→ AVAILABLE RECORDS:
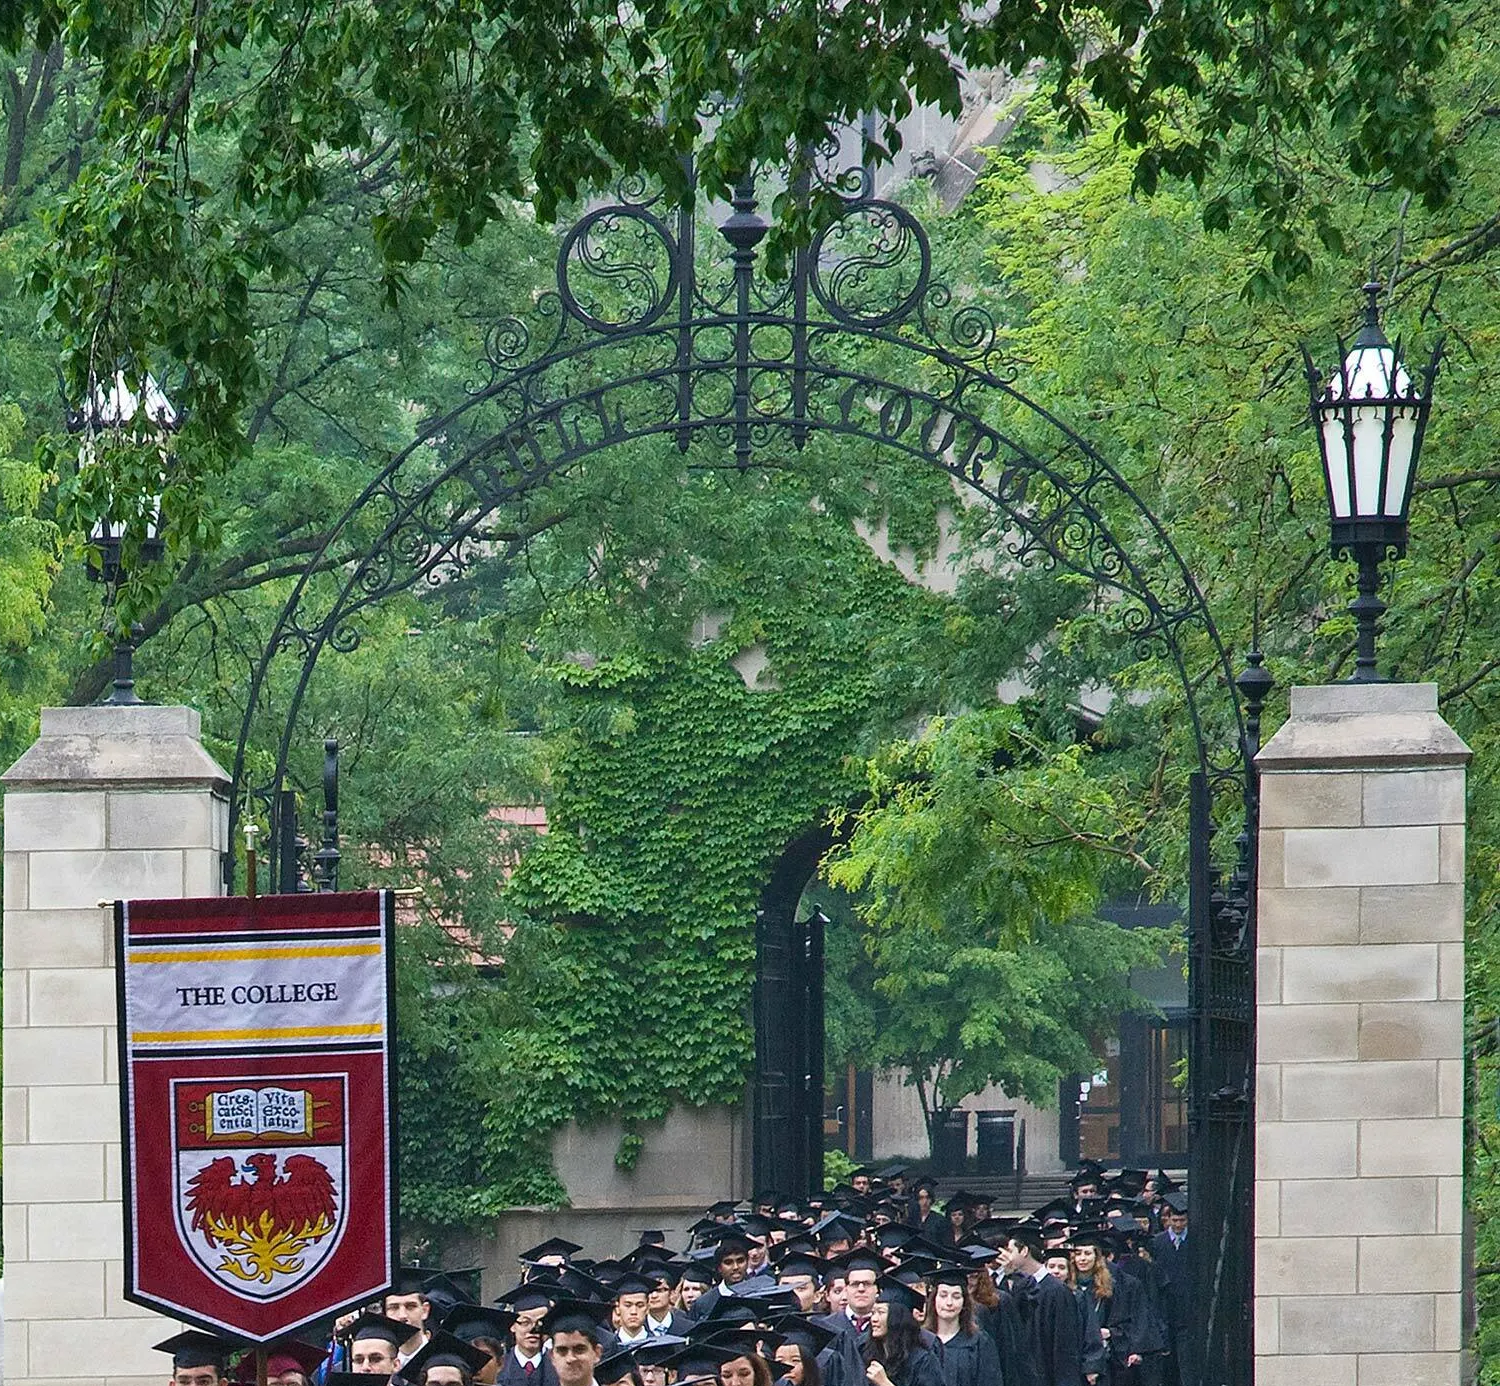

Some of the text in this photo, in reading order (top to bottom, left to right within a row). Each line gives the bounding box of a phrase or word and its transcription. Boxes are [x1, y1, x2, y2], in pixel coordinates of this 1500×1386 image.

[838, 378, 1032, 503] COURT
[176, 983, 338, 1007] THE COLLEGE
[264, 1091, 296, 1106] Vita
[219, 1117, 253, 1129] entia
[263, 1116, 299, 1129] latur

→ EXERCISE DETAILS: Retype all the data exactly, please, without pictures.

→ RESPONSE:
Some of the text in this photo, in reading order (top to bottom, left to right within a row). Each line gives the bounding box of a phrase or word and its transcription. Boxes are [x1, y1, x2, y2], in pixel coordinates of this 1500×1386 image.

[838, 378, 1032, 503] COURT
[176, 983, 338, 1007] THE COLLEGE
[264, 1091, 296, 1106] Vita
[219, 1117, 253, 1129] entia
[263, 1116, 299, 1129] latur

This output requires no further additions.